(EXERCISE INPUT Opens)
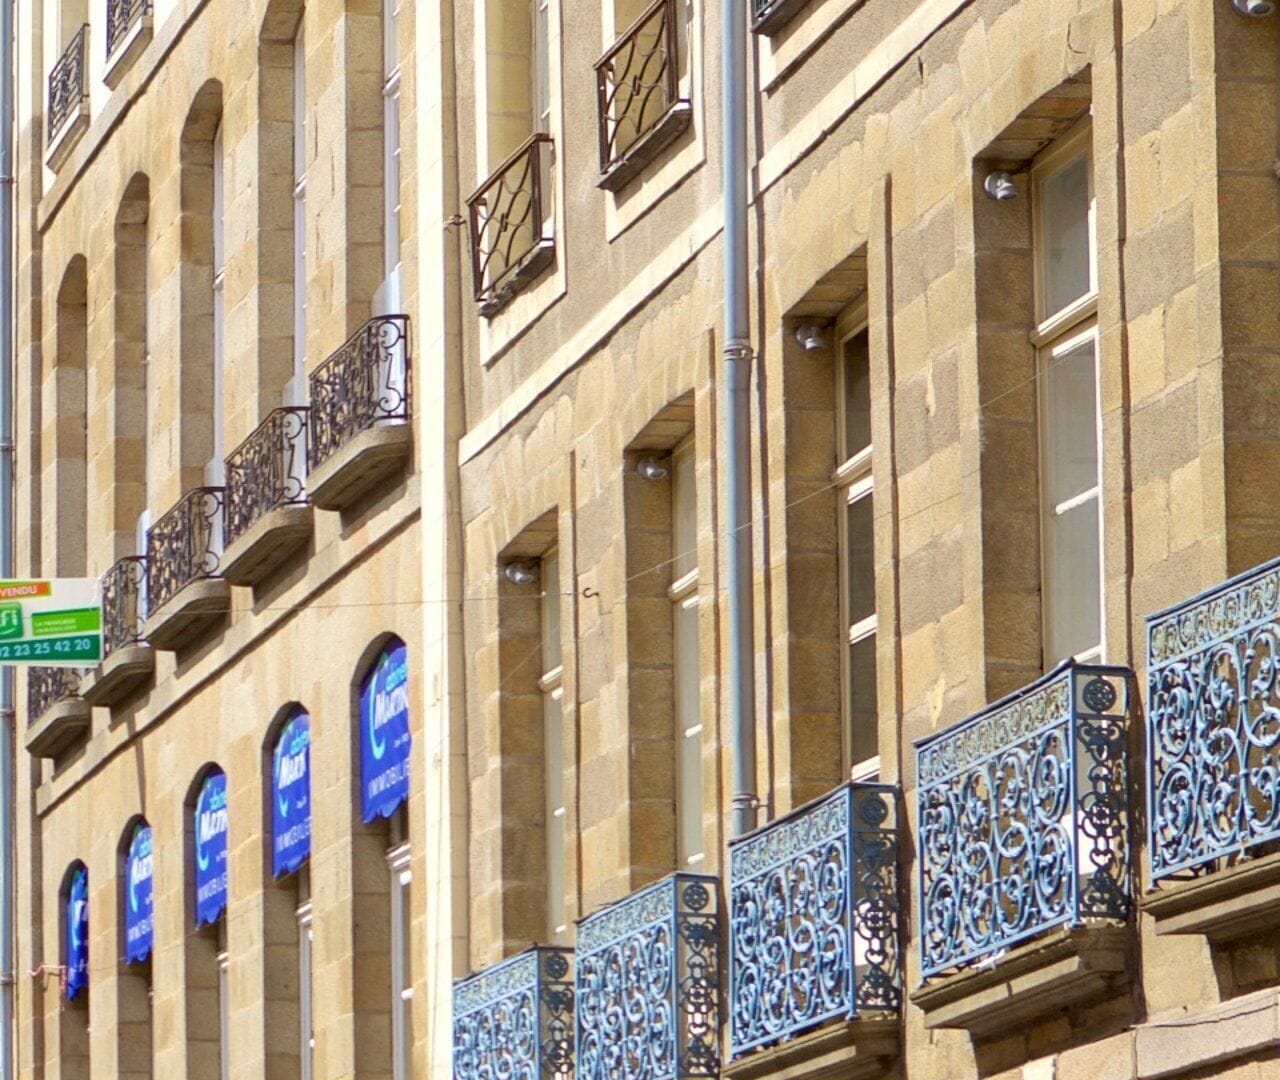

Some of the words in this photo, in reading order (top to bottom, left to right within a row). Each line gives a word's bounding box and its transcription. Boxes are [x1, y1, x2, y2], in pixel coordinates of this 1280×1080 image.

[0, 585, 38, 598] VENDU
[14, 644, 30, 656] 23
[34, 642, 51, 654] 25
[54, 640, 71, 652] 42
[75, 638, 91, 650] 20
(EXERCISE INPUT Closes)
→ REQUIRED WORK: Pictures appear in the records above. Output everything except them, exactly.

→ RESPONSE BELOW:
Some of the words in this photo, in reading order (top to bottom, left to right within a row). Each line gives a word's bounding box and its transcription. Boxes are [x1, y1, x2, y2], in pixel coordinates of this 1280×1080 image.

[0, 585, 38, 598] VENDU
[14, 644, 30, 656] 23
[34, 642, 51, 654] 25
[54, 640, 71, 652] 42
[75, 638, 91, 650] 20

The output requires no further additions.